Emolia
收藏魔搭社区2025-12-05 更新2025-12-06 收录
下载链接:
https://modelscope.cn/datasets/laion/Emolia
下载链接
链接失效反馈官方服务:
资源简介:
### **Dataset Card for Emolia**
#### **Dataset Description**
This dataset is an enhanced version of the Emilia dataset, enriched with detailed emotion annotations. The annotations were generated using models from the EmoNet suite to provide deeper insight into the emotional content of speech. This work is based on the research and models described in the blog post "Do They See What We See?".
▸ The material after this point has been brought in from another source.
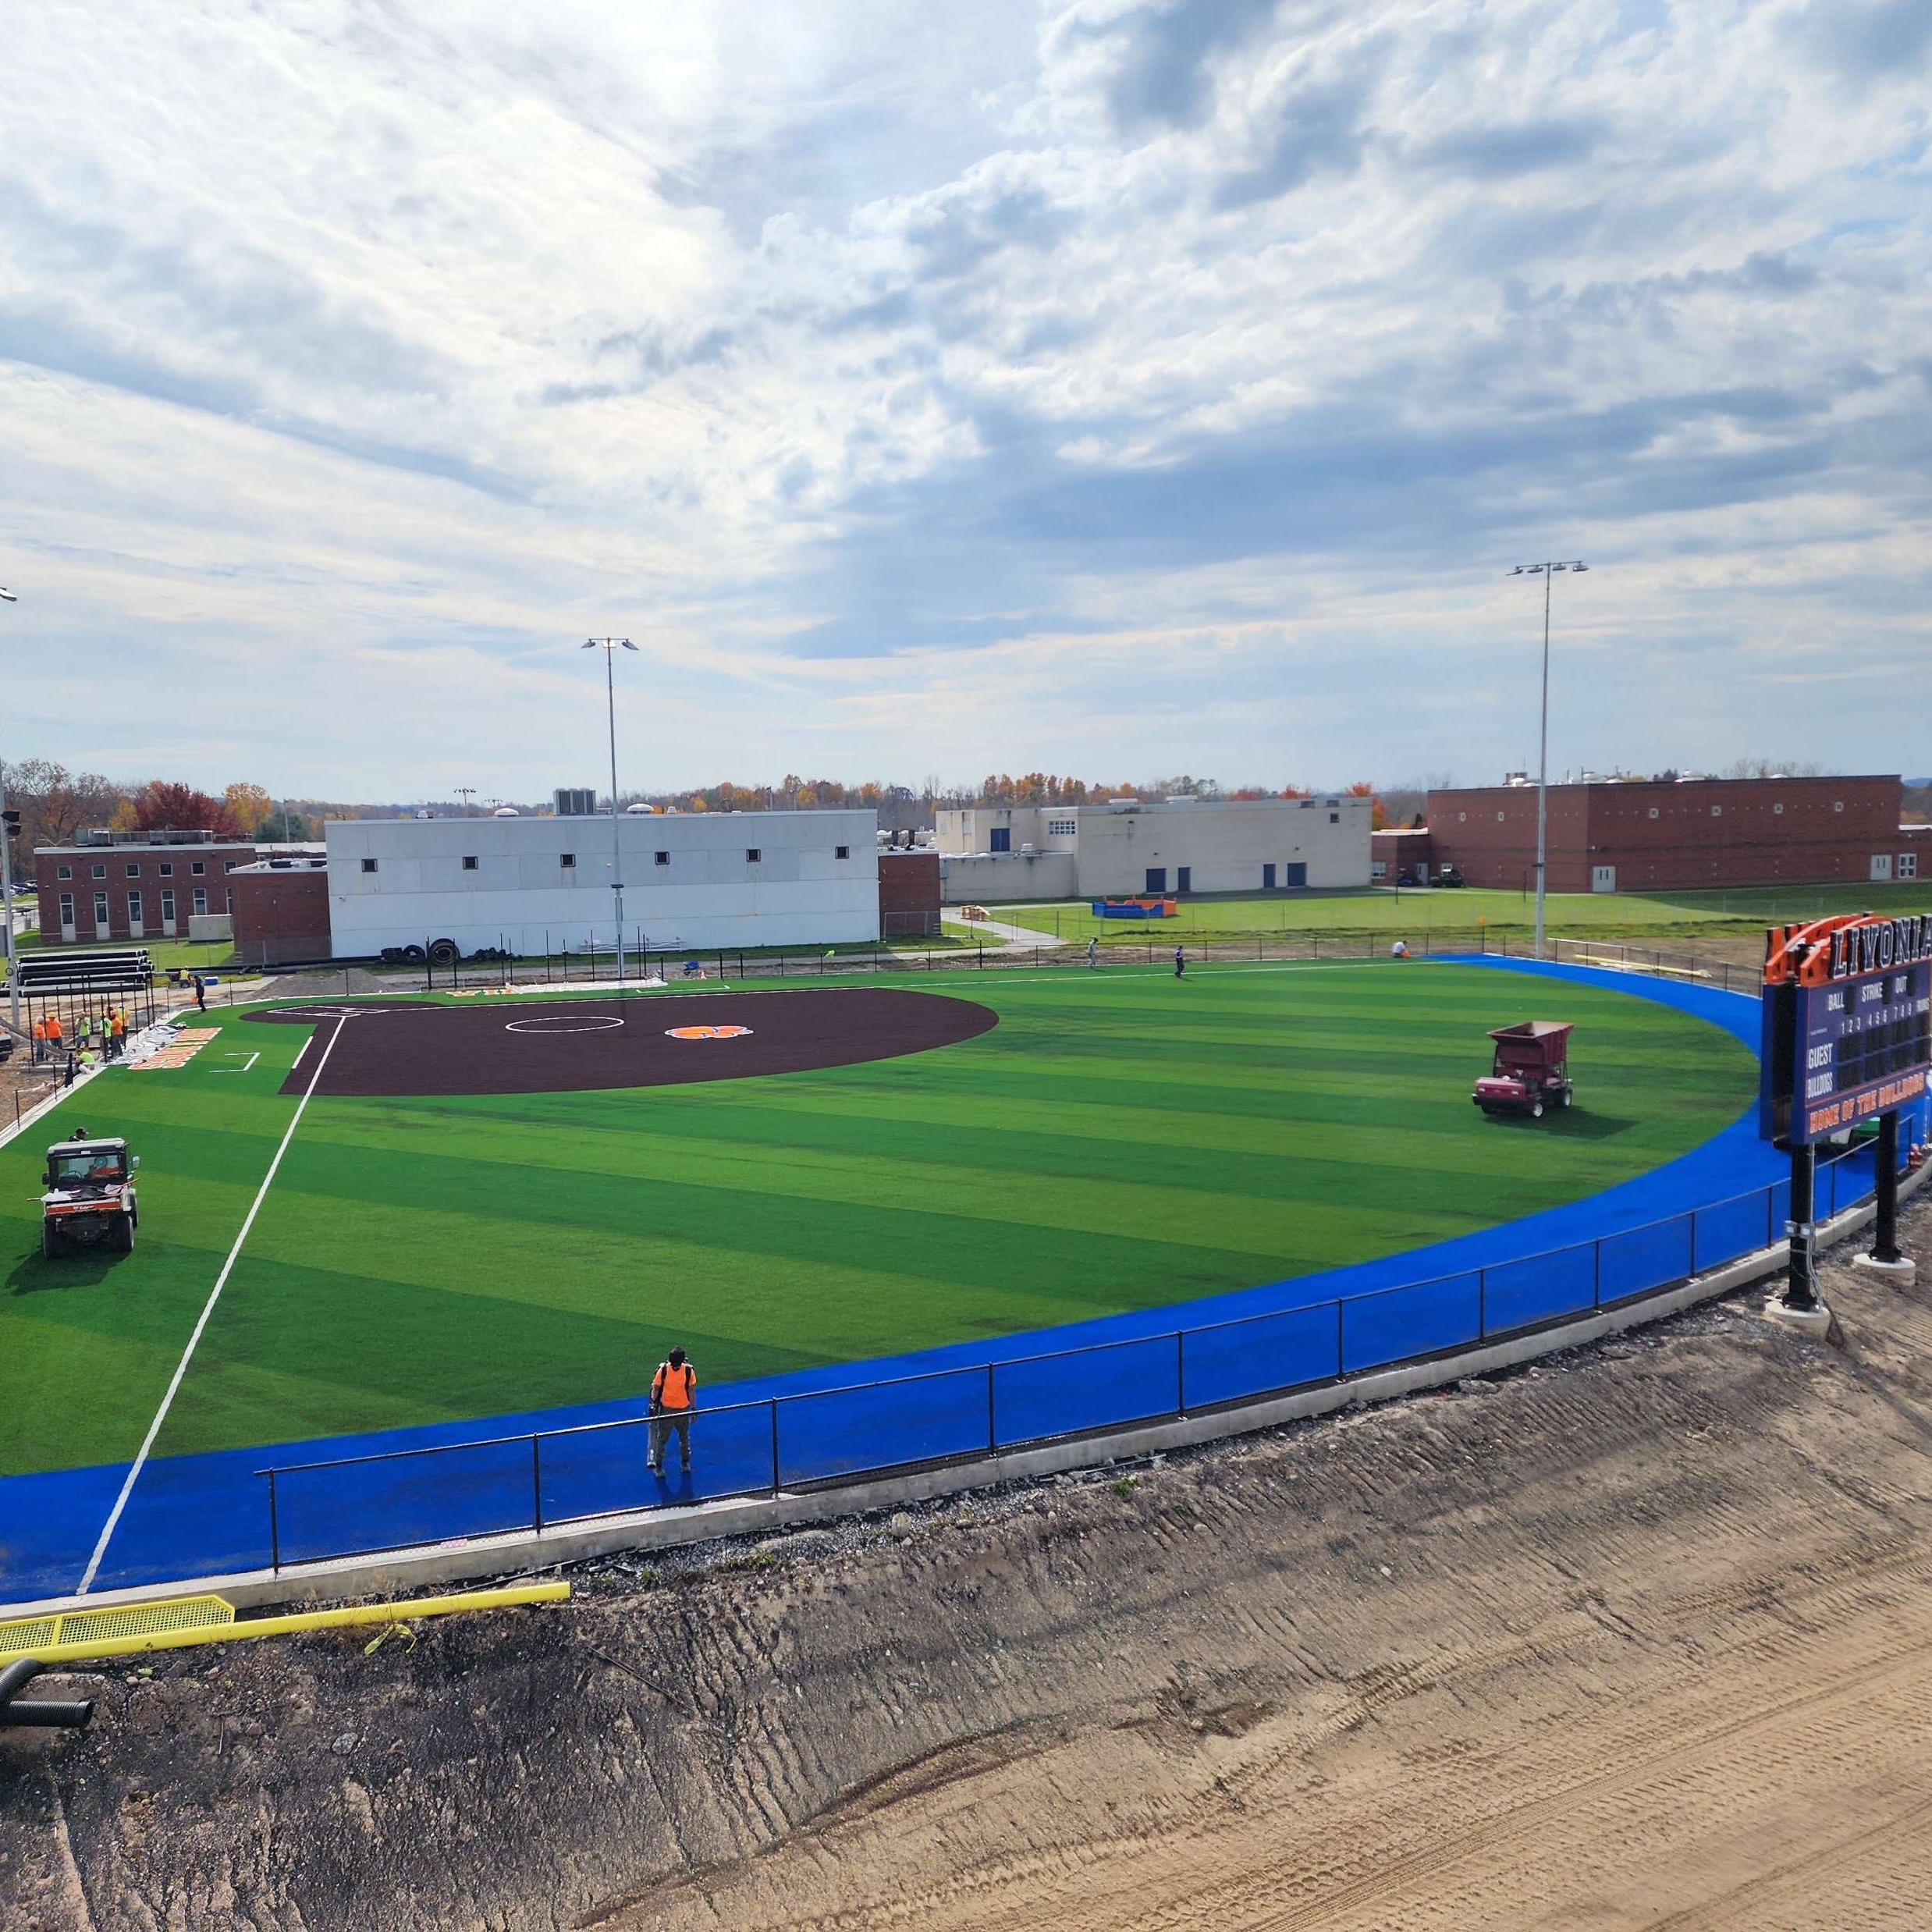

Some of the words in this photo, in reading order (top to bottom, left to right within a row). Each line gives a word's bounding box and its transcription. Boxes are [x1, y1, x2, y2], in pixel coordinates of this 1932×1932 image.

The annotations include 54 scores for each sample, covering a wide range of emotional and paralinguistic attributes, as well as an emotion caption generated by the BUD-E Whisper model. The goal is to enable more nuanced research and development in emotionally intelligent AI.
**Emolia** provides **timbre speaker embeddings** per sample using **Speaker-wavLM-tbr** (Orange), which focuses on **global timbral characteristics** and is intended to be **less sensitive to transient prosodic/emotional cues** than typical speaker-ID embeddings. Background: timbre/prosody disentanglement has recently been explored to improve speaker modeling robustness, aligning with this model’s goal. ([Hugging Face][1])
---
#### **Dataset Structure & Access**
The dataset includes the original Emilia audio data **plus**:
* **Emotion annotations** (40 categories + 14 attributes + emotion caption).
* **Timbre speaker embeddings** (vector per sample from Speaker-wavLM-tbr). ([Hugging Face][1])
* **Characters per second (CPS)** statistic per sample.
**Format:** WebDataset (sharded `.tar` files) containing audio and JSON/CSV sidecars for annotations, embeddings, and CPS.
> Note: This repository **supersedes** earlier, interim multi-repo distributions. All links to those prior repositories have been removed.
The original `.tar` files for the Emilia dataset are also included. Files belonging to the YODAS subset can be identified by a suffix in their filenames.
---
#### **Speaker Embeddings (Timbre-Focused)**
* **Model:** Orange/**Speaker-wavLM-tbr** (WavLM-based).
* **Intent:** Produce embeddings that **globally represent speaker timbre** and **de-emphasize emotion/prosody**, improving stability when emotional state varies. Use cosine similarity on embeddings for clustering/comparison, analogous to ASV, but with a **timbre emphasis**. ([Hugging Face][1])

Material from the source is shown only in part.